The relief I felt when nearly every one of the 300 munitions Iran launched was intercepted by Israel’s Iron Dome and support from its allies was, sadly, brief. Despite Israel suffering no real damage, no casualties, and having triumphantly defended itself in a show of strength and solidarity from its allies– none of this changed Israel’s hunger for a wider war. Their response to the attack was not to de-escalate and call, as the Iranaians did at the UN hours after the attack, “The matter can be deemed concluded.” No, Israel’s response was instead more bloodthirst. Immediately military officials began planning a counter attack. This, despite the fact that Iran 1) made it immediately clear to the international community that there would be no further attacks on Israel (save that Israel commits no new aggressions toward Iran), 2) gave nearly two weeks worth of warnings to allow Israel to prepare and safeguard civilians, and 3) Iran aimed their attack at only military targets.

It sickens me to see news outlets act as if Israel is within its right to “weigh their options” about how when to respond to Iran when anyone who is paying attention to this conflict can see that there is no reason for Israel to respond at all. Iran wanted to show its citizens that Israel was not above the law: their embassy was bombed and military leaders killed. They responded with a dramatic but intentionally non-lethal show of force. The matter should in fact be concluded, except conclusion is not Israel’s goal. They know that if they can spread their war on Gaza into a wide-reaching war on muslims across the Middle East, they’ll garner the support they need to get billions of new military gifts from the U.S. and its allies. At a time when (democratic) politicians are finally calling on Biden to halt or condition his aid to Israel, our erratic ally in the Middle East knows that they need something else besides the genocidal collective punishment of innocent Palestinians civilians in Gaza to shore up support from its western allies.

The U.S. should be doing everything in its power to convince Israel not to lash out at Iran again. Reports now show that Israel did not give any of its allies advance notice of the attack on the Iranian consulate in Syria, save for a call to Washington mere minutes before the F-35 dropped the bomb in Damascus. Again, the U.S. expresses “frustration” with Israel for making such a bold and illegal move on foreign soil, but it does nothing to actually prevent Netanyahu’s military from behaving the same way again. Instead, the U.S. and E.U. swiftly acted to place new sanctions on Iran, even as Blinken sits on mountains of evidence of the IDF’s criminality and continues to urge the curious press to wait for more investigations to conclude.

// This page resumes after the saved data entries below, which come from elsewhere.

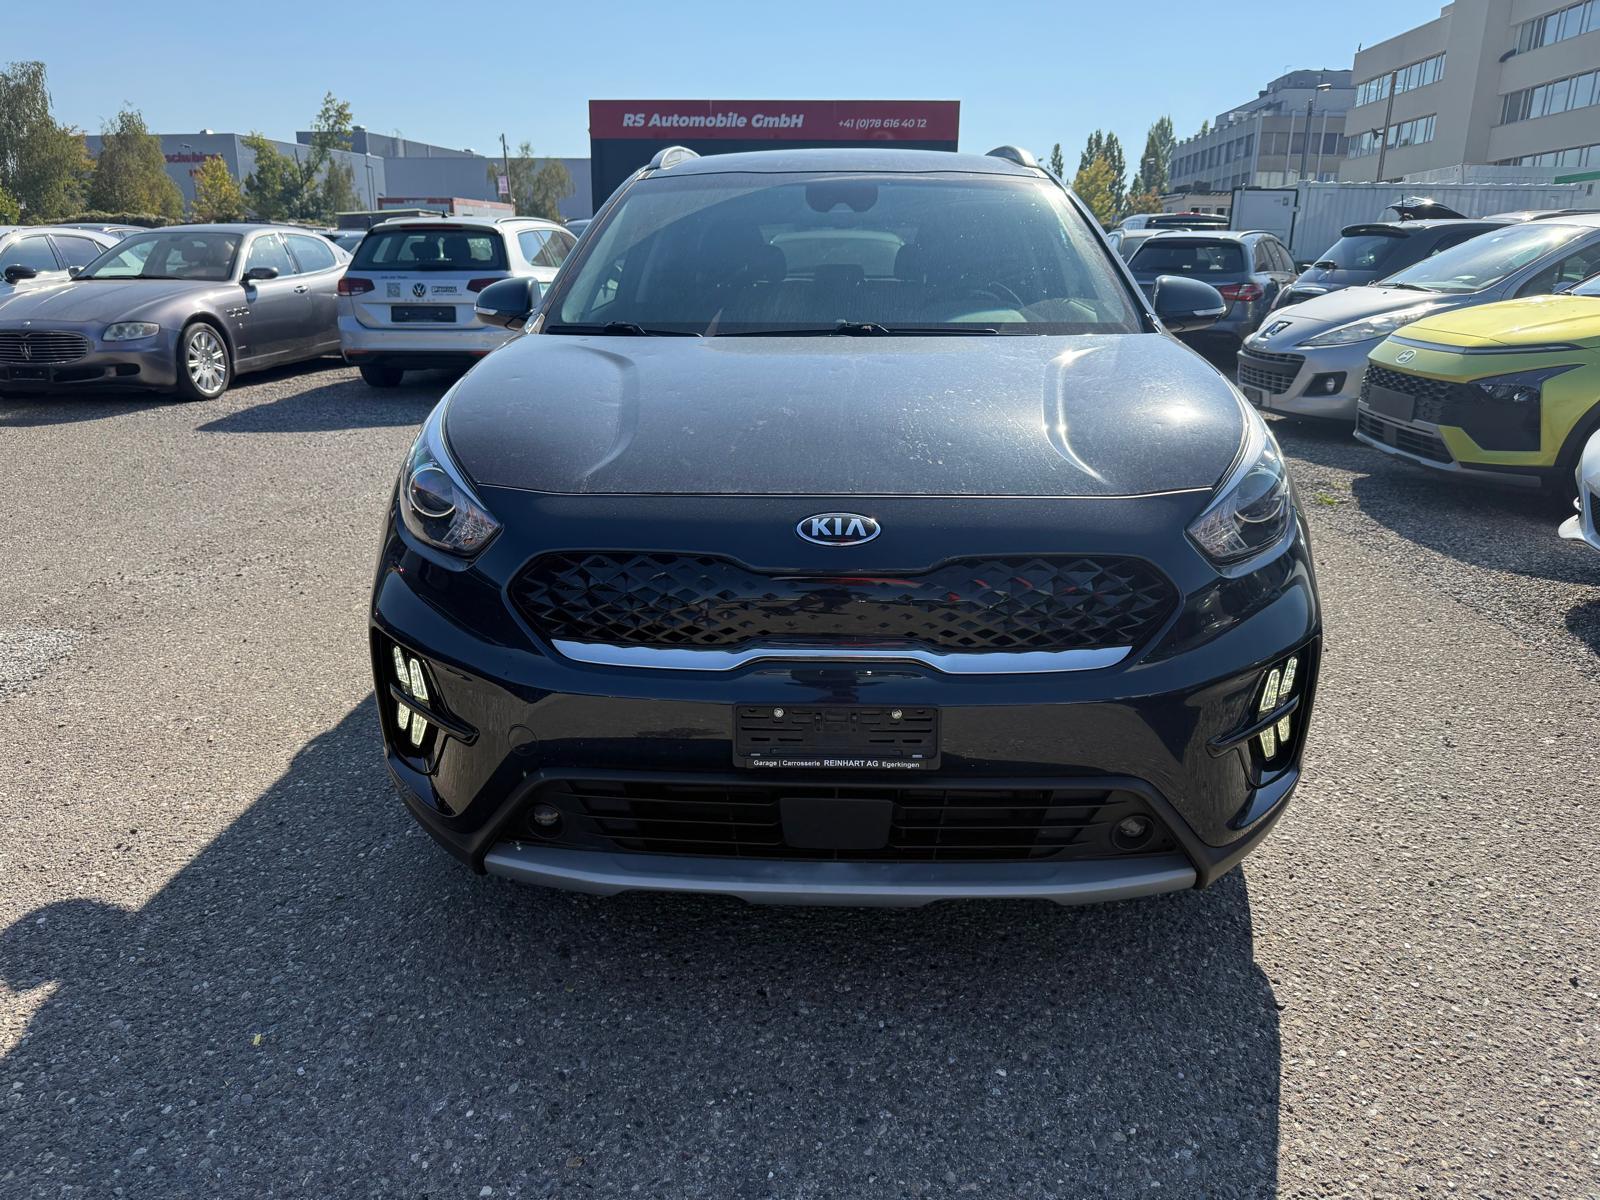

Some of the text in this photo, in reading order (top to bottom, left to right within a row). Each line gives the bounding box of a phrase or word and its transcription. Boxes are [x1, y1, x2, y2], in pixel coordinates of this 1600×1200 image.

[622, 112, 805, 128] RS Automobile GmbH
[838, 118, 927, 130] +41 (0)78 616 40 12
[811, 517, 867, 537] KIA
[753, 759, 777, 767] Garage
[823, 759, 865, 767] REINHART
[882, 761, 920, 769] Egerkingen

How long will it take for Israel to come up with their story for why they found it was in their self-defense to surprise-attack a foreign nation on foreign soil? I’m certain the evidence will be full and convincing, just as it was for why the U.S. should defund UNRWA (April fools).

If Israel “responds” to Iran’s response, as they seem hellbent on doing, we will look back decades later on the “straw that broke the camel’s back” of Israel’s reckless bombing of the Iranian consulate. Again and again, the IDF’s actions, purportedly in the name of self-defense, only make Israeli civilians less safe. War breeds more war, suffering more suffering. If Biden were a real leader he would end offensive military support right now and tell Israel that additional funding for its defense system is contingent on them laying down their swords against Iran and against the displaced civilian population sheltering in Rafah.

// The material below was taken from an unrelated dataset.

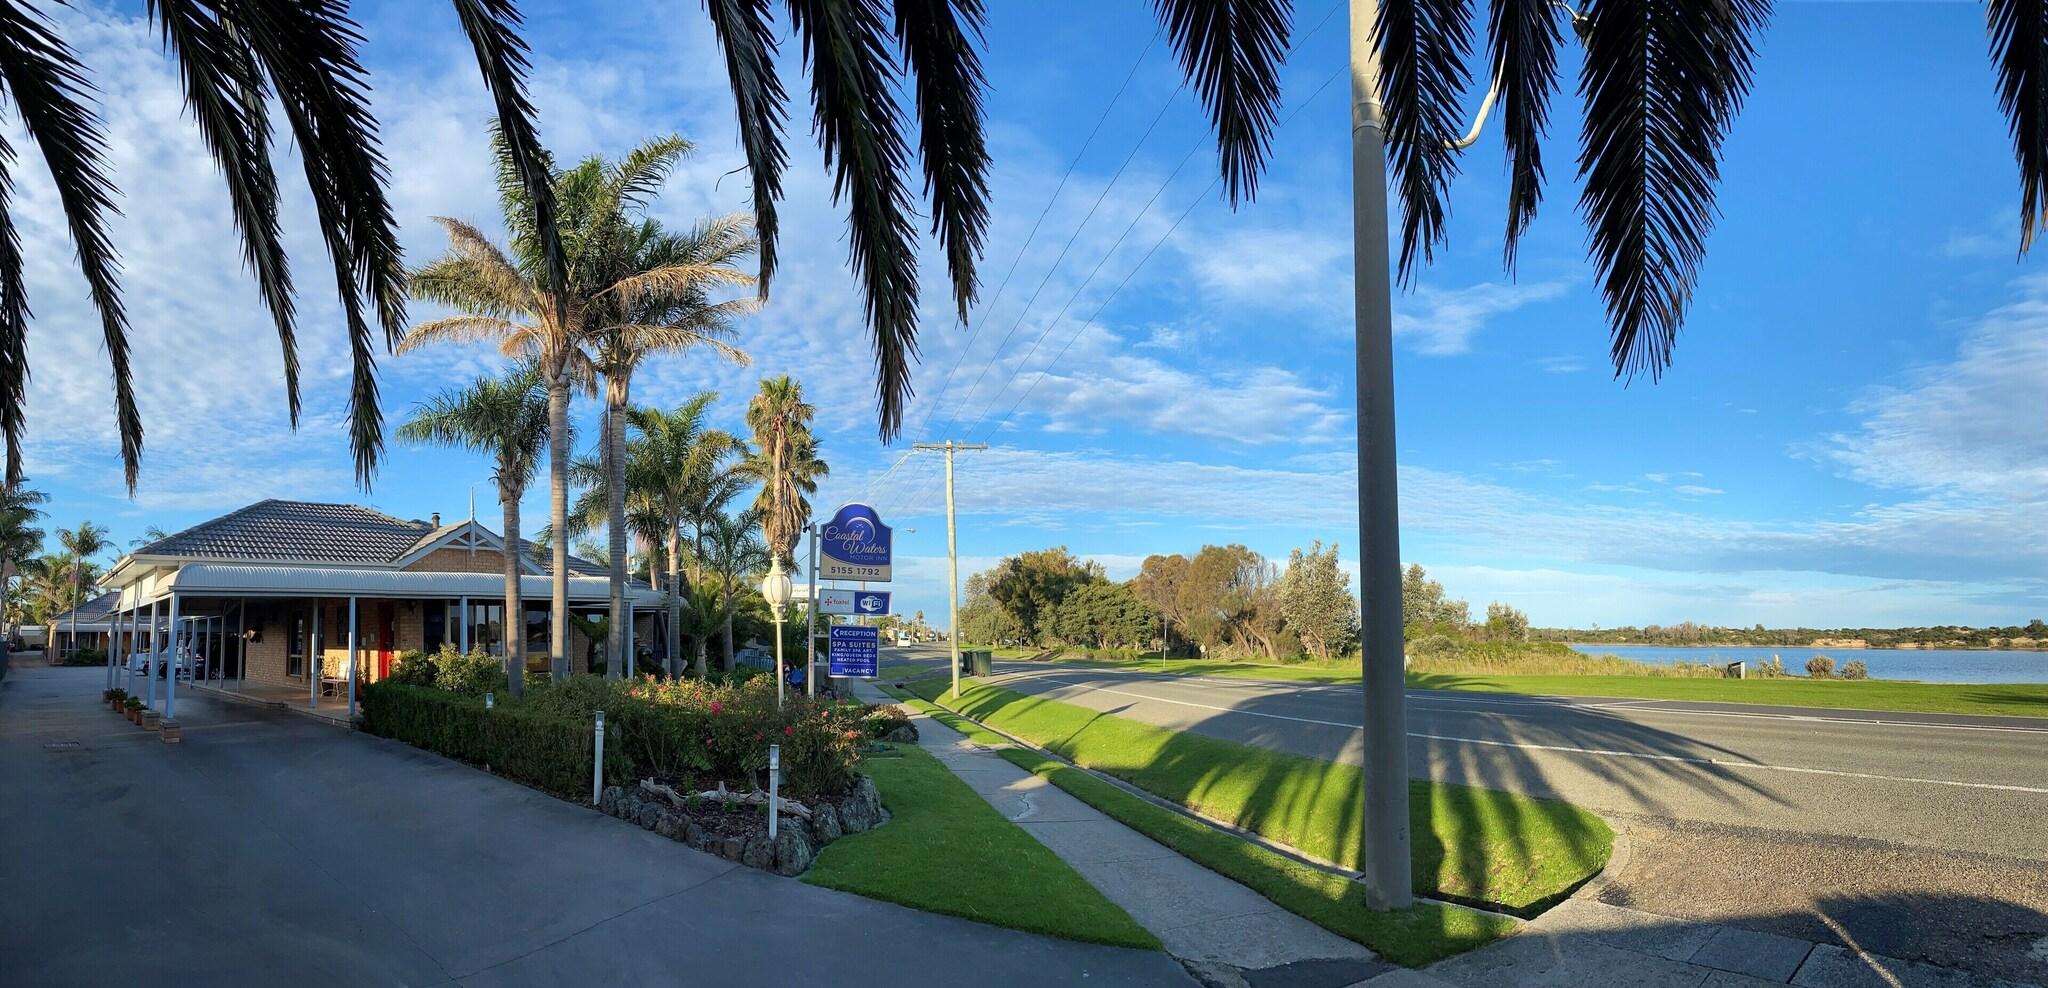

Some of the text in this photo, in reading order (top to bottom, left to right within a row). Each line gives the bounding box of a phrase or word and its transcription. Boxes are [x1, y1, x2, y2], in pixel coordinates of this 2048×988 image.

[825, 525, 865, 541] Coastal
[843, 540, 887, 555] Waters
[831, 566, 880, 576] 5155 1792

If you see the hypocrisy in how western nations treat Israel as above the law, I encourage you to join us on Monday evenings at 15 Broadway as we write letters to elected officials urging them to do more to stop the violence in Gaza. And if you want to help support Gazan families trying to escape the violence (33,000-plus have died, over 15,000 of them children), come out this Tuesday, May 23 at 6:30 p.m. to St. Eustace Epsicopal Church as we watch the moving film about Palestinian children, “Flying Paper” (2013) and collect donations.

Tyler Barton lives in Saranac Lake. A list of sources accompanies this guest commentary online.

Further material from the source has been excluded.